Fig. 4. A comparison of the capabilities of methane-detecting satellites already in orbit and launching soon. MethaneSAT and the first two Carbon Mapper satellites are expected to enter orbit in 2023. SCIAMACHY: Scanning Imaging Absorption Spectrometer for Atmospheric Cartography; GOSAT: Greenhouse Gases Observing Satellite; GHGSat-D: Greenhouse Gas Satellite Demonstrator; PRISMA: PRecursore IperSpettrale della Missione Applicativa. Credit: MethaneSAT, with permission.

Given the reluctance of the oil and gas industry to change, the next few decades may also see the beginnings of ‘‘negative-emission technologies” to remove methane directly from the atmosphere, inspired by the nascent field of direct air capture (DAC) of CO2 [28]. While captured CO2 will be buried in geological formations deep underground or converted into fuels, the likely route with methane is to capture it for sale or to oxidise it into CO2 (plus water).

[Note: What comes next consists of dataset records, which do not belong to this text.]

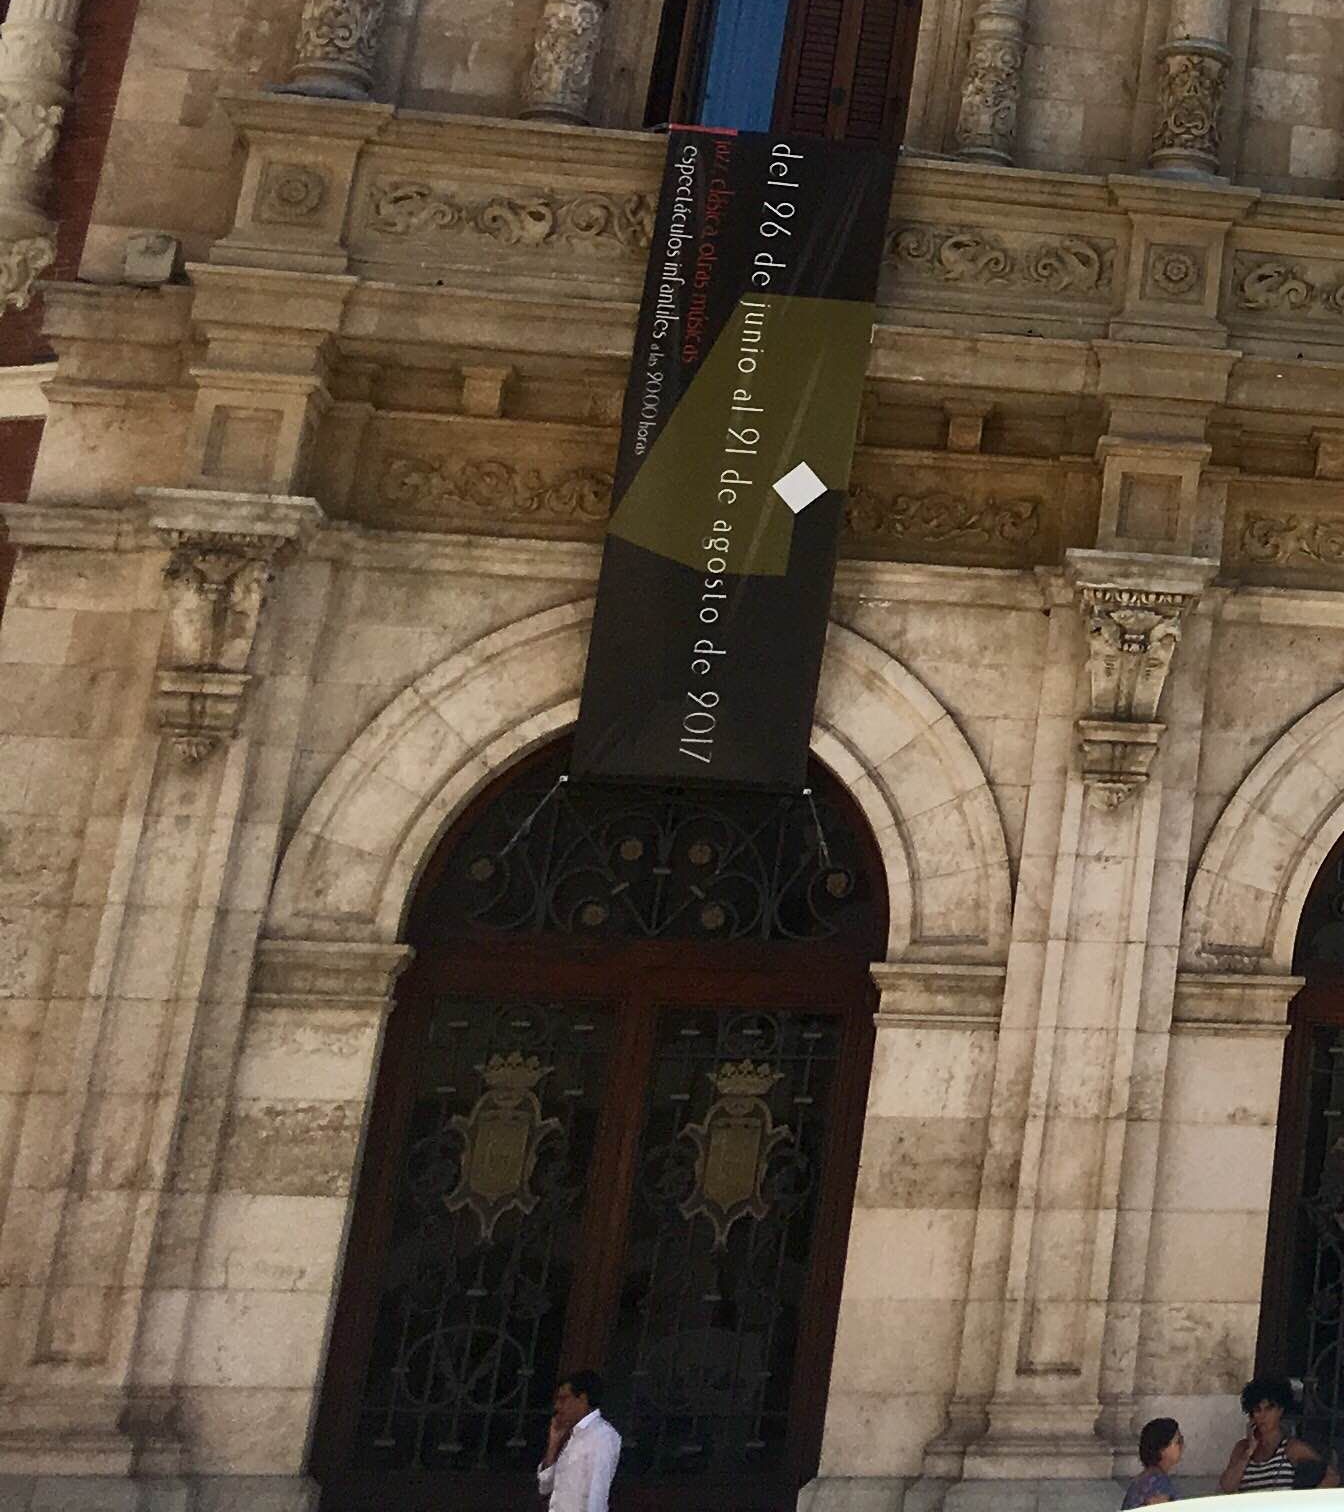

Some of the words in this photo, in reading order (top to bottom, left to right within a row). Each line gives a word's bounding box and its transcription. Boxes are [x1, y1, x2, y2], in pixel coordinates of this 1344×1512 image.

[768, 143, 804, 188] del
[666, 145, 698, 257] espectáculos
[694, 243, 718, 289] otras
[751, 252, 787, 287] de
[652, 262, 686, 339] infantiles
[682, 294, 709, 364] músicas
[737, 301, 771, 374] junio
[648, 352, 665, 367] las
[731, 388, 764, 412] al
[635, 421, 656, 456] horas
[717, 469, 753, 505] de
[699, 520, 733, 624] agosto
[691, 640, 727, 675] de

The reaction to oxidize methane is thermodynamically favorable and several types of material are showing promise in trapping methane, such as nanoporous zeolites embedded with metal catalysts [29]. ‘‘Scientists have screened almost 100 000 zeolite minerals as potential methane concentrating agents,” said Rob Jackson, professor of Earth systems science at Stanford University, CA, USA, speaking at a University of Cambridge online conference, Methane Removal and Emerging Technologies, in September 2021 [30].

The low concentration of methane in the atmosphere is likely to mean fans will be required to increase the flow of air or the air pressure during any removal process, the cost of which may prove prohibitive. ‘‘I think hybrid systems may provide a good compromise: combining DAC for CO2 removal and methane oxidation in the same infrastructure makes sense,” said Jackson. ‘‘You pay to move the air once and remove more than one greenhouse gas from it when you do.”

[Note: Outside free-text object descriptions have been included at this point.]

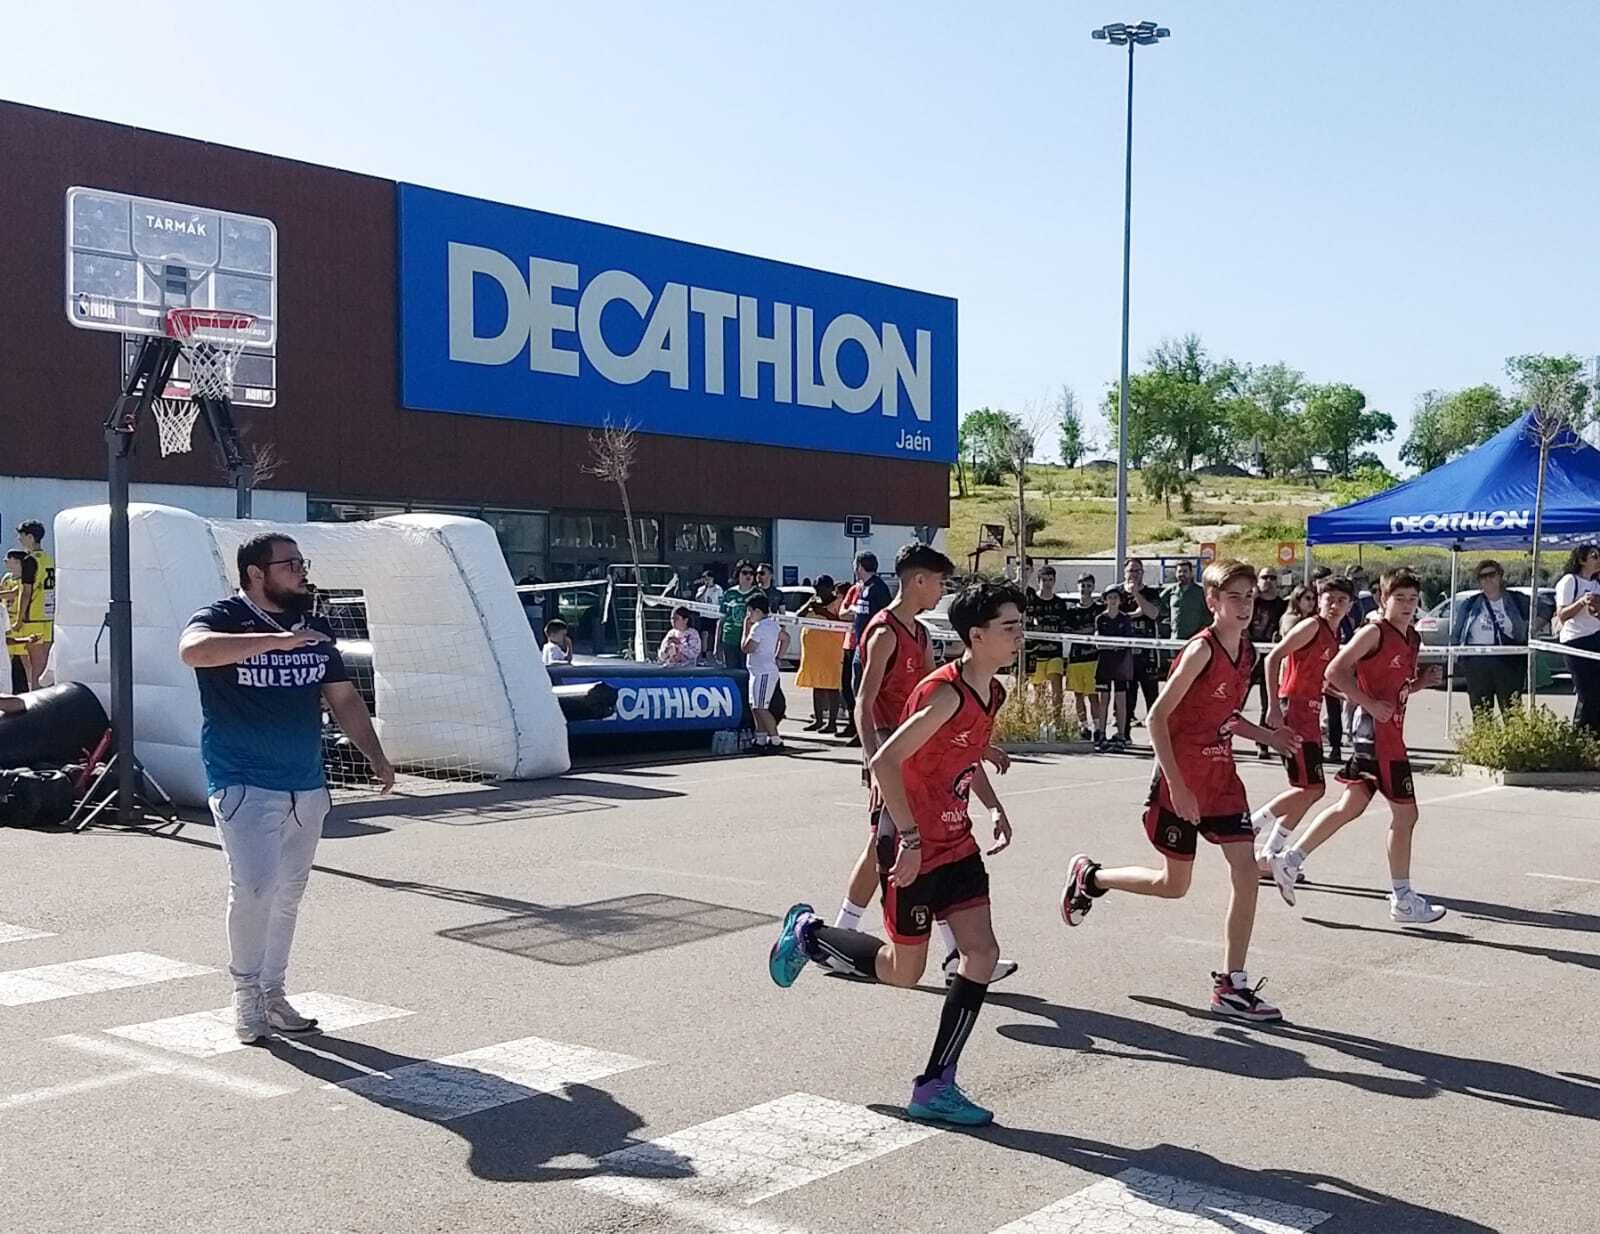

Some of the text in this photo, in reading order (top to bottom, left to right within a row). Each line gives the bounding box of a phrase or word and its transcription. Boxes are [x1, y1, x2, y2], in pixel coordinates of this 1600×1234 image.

[146, 214, 207, 237] TARMÁK
[90, 301, 117, 319] NBA
[447, 241, 932, 422] DECATHLON
[895, 429, 932, 453] Jaén
[1390, 510, 1530, 535] DECATHLON
[240, 654, 268, 665] LUB
[602, 687, 733, 721] CATHLON

Ciais sees an additional upside of direct removal. ‘‘In principle, if such technology could be scaled up safely, we could cut methane to below preindustrial levels, creating a very nice cooling effect that would compensate for some CO2 warming,” he said.

As with many geoengineering schemes, it remains unclear what methane removal technologies, if any, will be commercially feasible at scale [3]. And as methane will effectively take care of itself with sufficient reductions, some argue that mitigation will be sufficient. As Professor Klaus Lackner, DAC pioneer and director of the Center for Negative Carbon Emissions at Arizona State University in Tempe, AZ, USA, put it [31]: ‘‘If the water level in a bathtub with a wide-open drain is rising, turning down the faucet may be a better strategy than bailing.”

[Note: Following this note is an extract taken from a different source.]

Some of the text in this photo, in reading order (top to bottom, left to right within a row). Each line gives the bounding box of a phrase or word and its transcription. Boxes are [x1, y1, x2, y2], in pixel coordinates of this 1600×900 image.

What is clear is that the experts expect reducing methane emissions to yield rapid benefits for climate change, not only because it is a powerful greenhouse gas, but also because its removal triggers a positive feedback process. ‘‘If methane concentrations go up, the molecule that oxidizes methane in the atmosphere—the hydroxyl radical, ·OH—decreases, so the remaining methane lasts longer in the atmosphere,” said Turner. ‘‘Conversely, if we reduce our methane emissions, there is more ·OH around to destroy the remaining methane more rapidly.”

According to Turner and his colleagues, atmospheric chemistry could also explain up to 80% of 2020’s record annual increase in global methane concentration, in combination with another global phenomenon—the coronavirus disease 2019 pandemic. The pandemic lockdowns caused a large reduction in polluting emissions from transportation, including nitrogen oxides (NOx). But NOx in the atmosphere promotes the production of ·OH, so its sudden drop meant less ·OH, which in turn likely slowed down the oxidation of methane, allowing it to accumulate more quickly in the atmosphere [32].

But there is more to methane than human-caused emissions, said Ciais. ‘‘Since 2006, half of the growth is attributed to increasing wetland emissions—including in the Amazon, perhaps in the Arctic, and Africa as well. So even if we mitigate anthropogenic emissions, there is still a possibility for methane to increase.” But with growing satellite capability to track this climate blowtorch, at least the ambiguities around methane’s role in global warming could start to dissipate.